I'm seeing a problem with what appears to be running out of file (or
inode) handles on an apache web server. I've done everything I have
been able to find to fix this but have run out of things to try.
The summary below is as concise and complete as I can make it; if
additional information is needed I'll happily provide it. I've run
linux since 1.57, but I've never had to dig into tuning at this
level until now.

This is a 1GB dual PIII-650 box. I'm using the Mandrake 2.2.19-4.3
source tree, their latest, as a base for the kernel. The server is
running a couple of software raid partitions and a 26 GB EATA SCSI
partition.

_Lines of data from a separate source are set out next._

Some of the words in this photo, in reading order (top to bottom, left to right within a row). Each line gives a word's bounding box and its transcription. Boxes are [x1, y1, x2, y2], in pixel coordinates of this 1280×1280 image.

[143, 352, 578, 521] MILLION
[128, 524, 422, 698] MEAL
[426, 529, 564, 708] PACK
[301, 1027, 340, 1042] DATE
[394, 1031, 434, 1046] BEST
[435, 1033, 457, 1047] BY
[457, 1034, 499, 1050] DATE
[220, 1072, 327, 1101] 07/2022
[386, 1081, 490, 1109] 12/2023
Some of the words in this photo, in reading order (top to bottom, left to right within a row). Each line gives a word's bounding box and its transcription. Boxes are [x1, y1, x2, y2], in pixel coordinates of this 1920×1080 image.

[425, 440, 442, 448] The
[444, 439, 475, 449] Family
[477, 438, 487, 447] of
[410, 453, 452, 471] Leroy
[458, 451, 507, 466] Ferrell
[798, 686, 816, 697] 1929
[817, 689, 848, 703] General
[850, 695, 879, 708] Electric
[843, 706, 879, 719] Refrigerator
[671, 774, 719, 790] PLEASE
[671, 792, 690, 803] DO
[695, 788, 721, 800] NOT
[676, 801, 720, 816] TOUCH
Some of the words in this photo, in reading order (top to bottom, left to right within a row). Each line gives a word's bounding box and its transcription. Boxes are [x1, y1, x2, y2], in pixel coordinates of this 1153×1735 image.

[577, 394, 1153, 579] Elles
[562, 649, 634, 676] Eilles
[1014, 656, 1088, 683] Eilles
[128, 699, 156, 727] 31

Most of the file systems are ext2, with a Reiser fs on
the SCSI partition.

Based on logged errors, some time ago I started increasing
/proc/sys/fs/{file,inode}-max to 98304 and 524300 respectively.
The large counts are pushed by rsync in syncing the large web tree
onto another box.

custom 2.2.19 kernel with the following changes in the include
files. I am not seeing logged errors on any sort of resource
starvation on this kernel; before upping the limits I was seeing
both system and apache errors about no sockets and file handles.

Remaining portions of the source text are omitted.